_ACTIVITY_.
Every entry is to be returned unchanged, and no picture is to be included.

DATASET ENTRIES below:

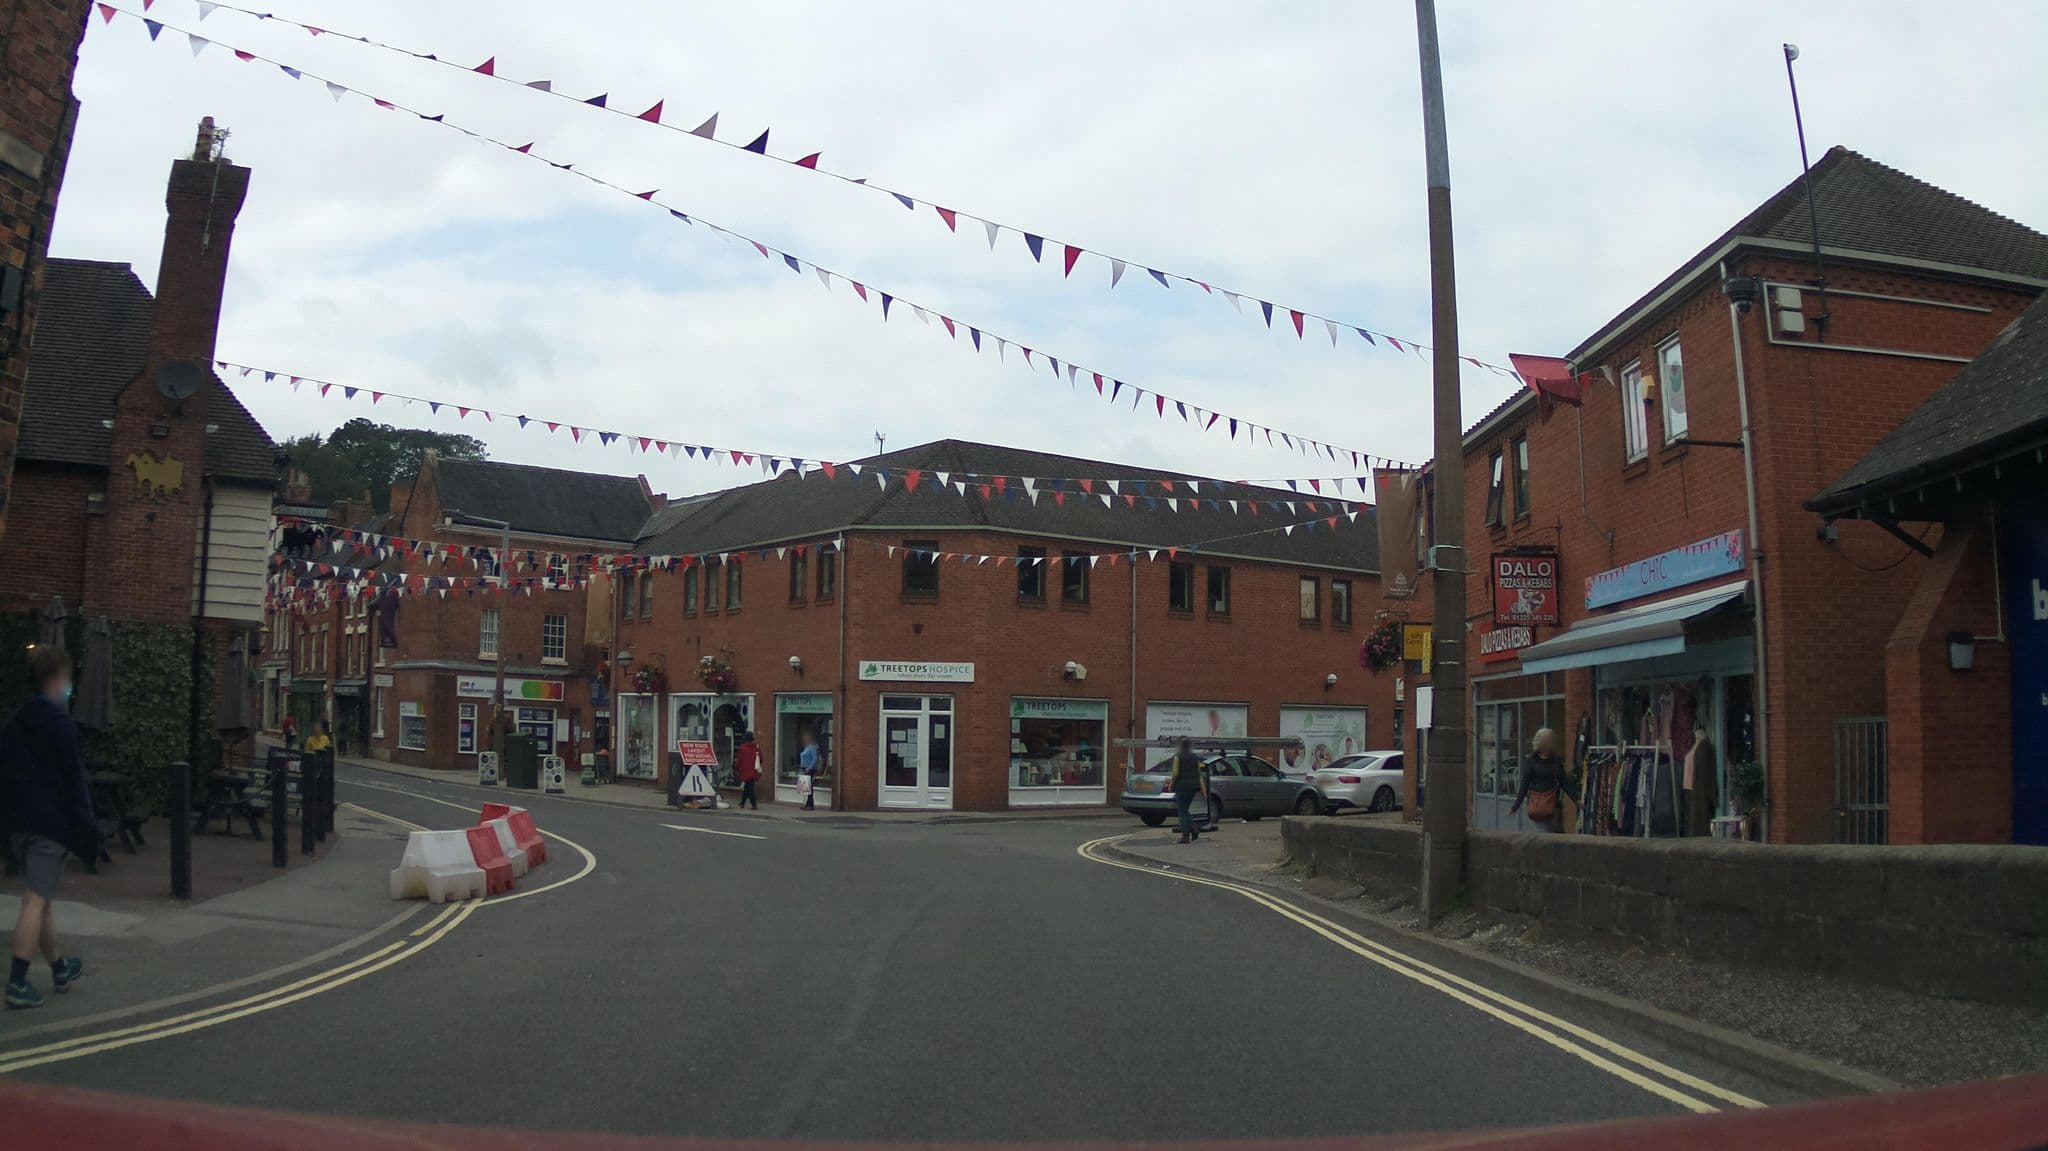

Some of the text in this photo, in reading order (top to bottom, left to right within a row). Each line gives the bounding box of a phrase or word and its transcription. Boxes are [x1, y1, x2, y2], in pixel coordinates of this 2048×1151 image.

[1500, 561, 1552, 577] DALO
[1640, 555, 1668, 585] CHIC
[1499, 577, 1521, 589] PIZZAS
[1528, 578, 1553, 589] KEBABS
[1480, 631, 1492, 654] DALO
[1492, 628, 1508, 652] PIZZAS
[1512, 626, 1531, 649] KEBABS
[880, 664, 969, 674] TREETOPS HOSPICE
[1027, 702, 1067, 711] TREETOPS
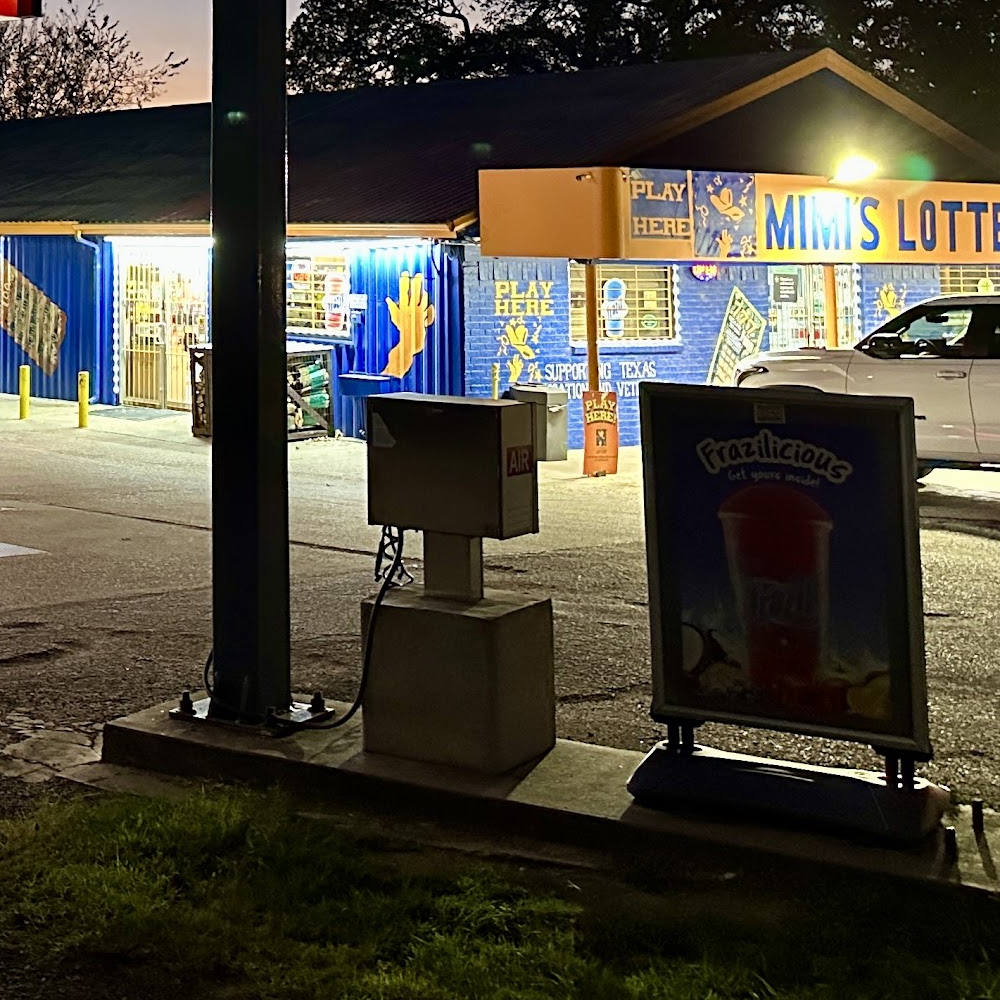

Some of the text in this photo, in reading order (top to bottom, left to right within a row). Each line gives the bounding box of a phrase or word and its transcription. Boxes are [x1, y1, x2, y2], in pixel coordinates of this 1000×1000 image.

End of DATASET ENTRIES.

_EXERCISE SOLUTION_.
Some of the text in this photo, in reading order (top to bottom, left to right within a row). Each line gives the bounding box of a phrase or word and its transcription. Boxes are [x1, y1, x2, y2], in pixel coordinates of this 2048×1151 image.

[1500, 561, 1552, 577] DALO
[1640, 555, 1668, 585] CHIC
[1499, 577, 1521, 589] PIZZAS
[1528, 578, 1553, 589] KEBABS
[1480, 631, 1492, 654] DALO
[1492, 628, 1508, 652] PIZZAS
[1512, 626, 1531, 649] KEBABS
[880, 664, 969, 674] TREETOPS HOSPICE
[1027, 702, 1067, 711] TREETOPS

Some of the text in this photo, in reading order (top to bottom, left to right within a row). Each line gives the bounding box of a phrase or word and its transcription. Boxes are [x1, y1, x2, y2], in pixel coordinates of this 1000×1000 image.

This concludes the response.